Mirac mucizesini duyan müşrikler, Peygamberimizi yalanlamasını umarak Hz.
Ebubekir’in evine gittiler. O’nu akıllı, bilgili, olgun bir kimse olduğunu
biliyor ve bu mucizeyi kabul etmeyeceğine inanıyorlardı. Hz. Ebubekir kapının
önüne çıkınca ona şu soruyu sordular:
- “Ey Ebubekir!
Sen, Kudüs’e birçok defa gidip geldin. Kudüs’e gitmek ve gelmek ne kadar sürer,
iyi bilirsin. Bu süre ne kadardır?”
Hz.

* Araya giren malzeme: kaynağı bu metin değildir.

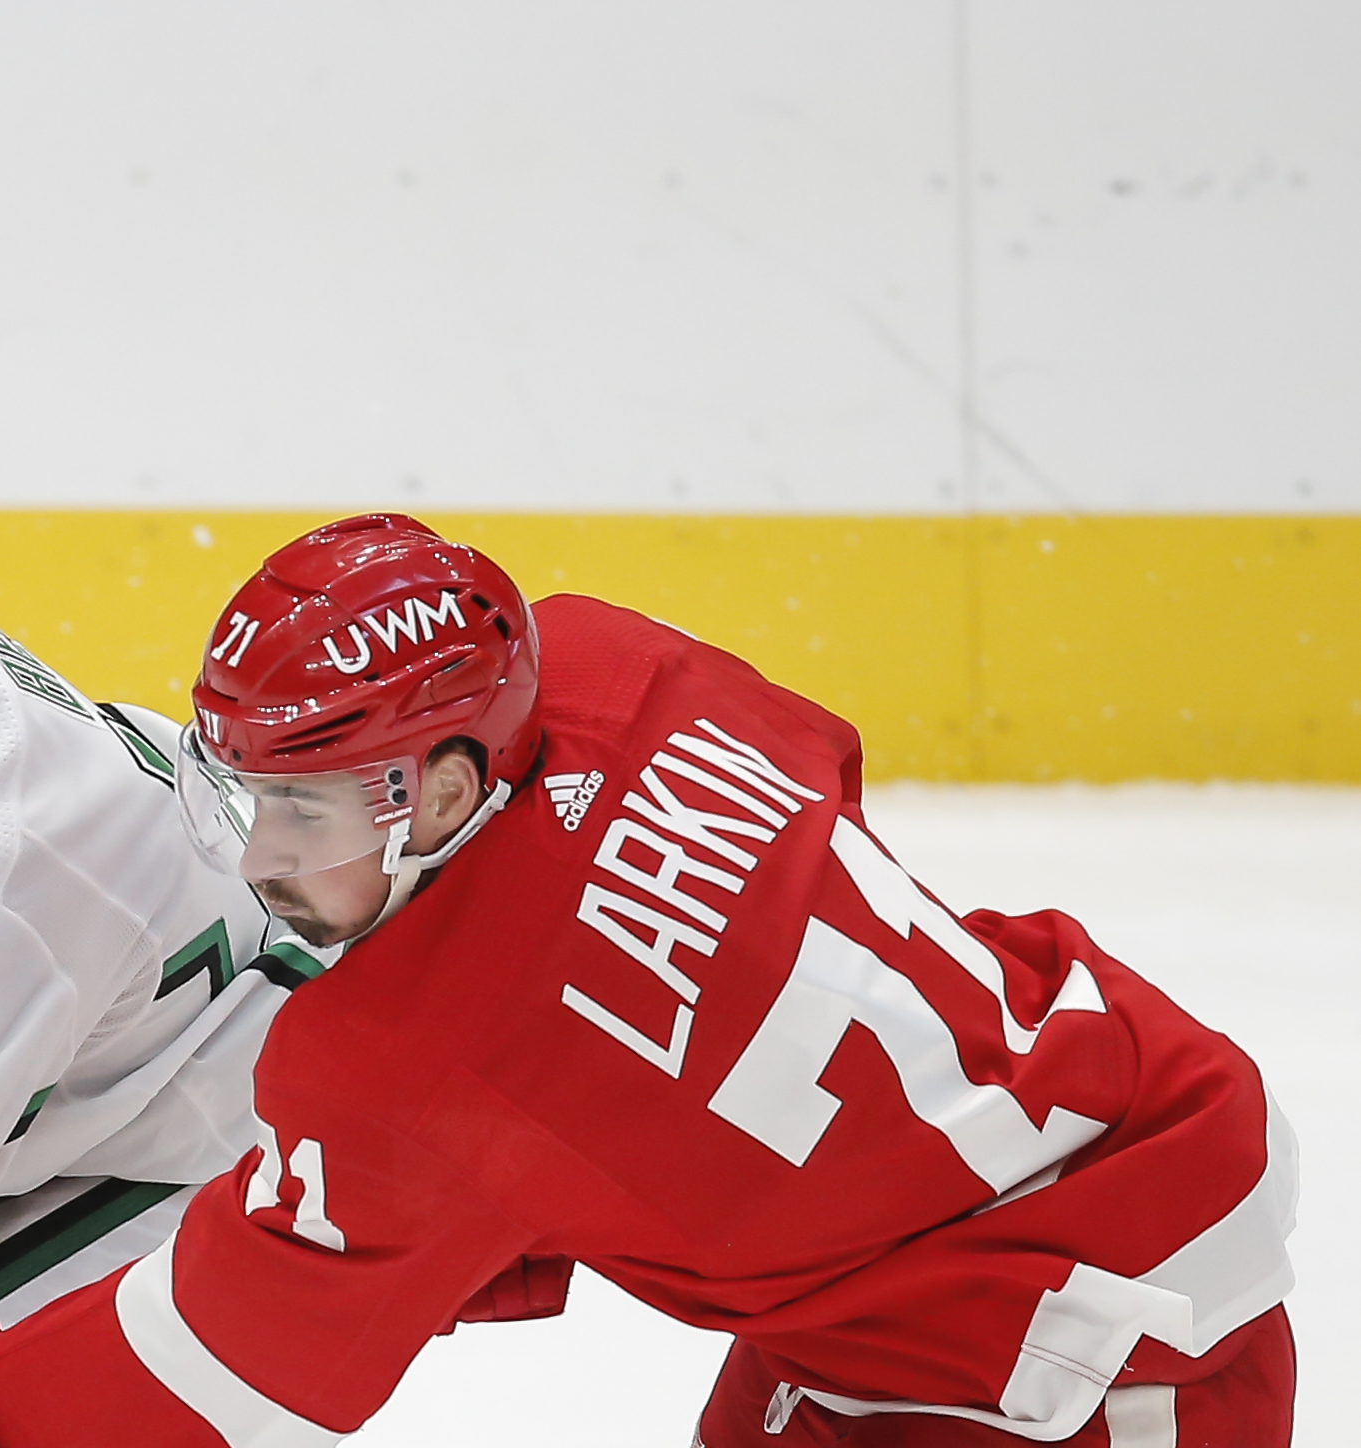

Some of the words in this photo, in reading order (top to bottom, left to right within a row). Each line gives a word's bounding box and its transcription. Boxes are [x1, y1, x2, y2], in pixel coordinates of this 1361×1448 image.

[210, 611, 261, 669] 71
[322, 589, 468, 675] UWM
[562, 769, 606, 832] adidas
[561, 717, 826, 1080] LARKIN
[706, 813, 1109, 1197] 71

Ebubekir:
- “İyi biliyorum,
bir aydan fazladır” dedi.
Bu sözü duyduklarına memnun olan
kâfirler:
-
“ İşte akıllı bir adam sözü” diyerek çok sevindiler. Sonra içlerinden
biri şu sözleri söyledi
-
“Halbuki, senin efendin Muhammed, Kudüs’e bir gecede gidip döndüğünü
söylüyor, ne dersin?”
Hz. Ebubekir, Peygamberimizin
adını işitince hiç tereddüt etmeden bağırdı:
- “Eğer O söyledi ise inandım. Bir anda
gidip gelmiştir.”
Kâfirler neye uğradıklarını
anlayamadan çekip gittiler
Hz. Ebubekir, hemen giyinip
Peygamberimizin yanına geldi; çevresinde bir kalabalık toplanmış olan Hz.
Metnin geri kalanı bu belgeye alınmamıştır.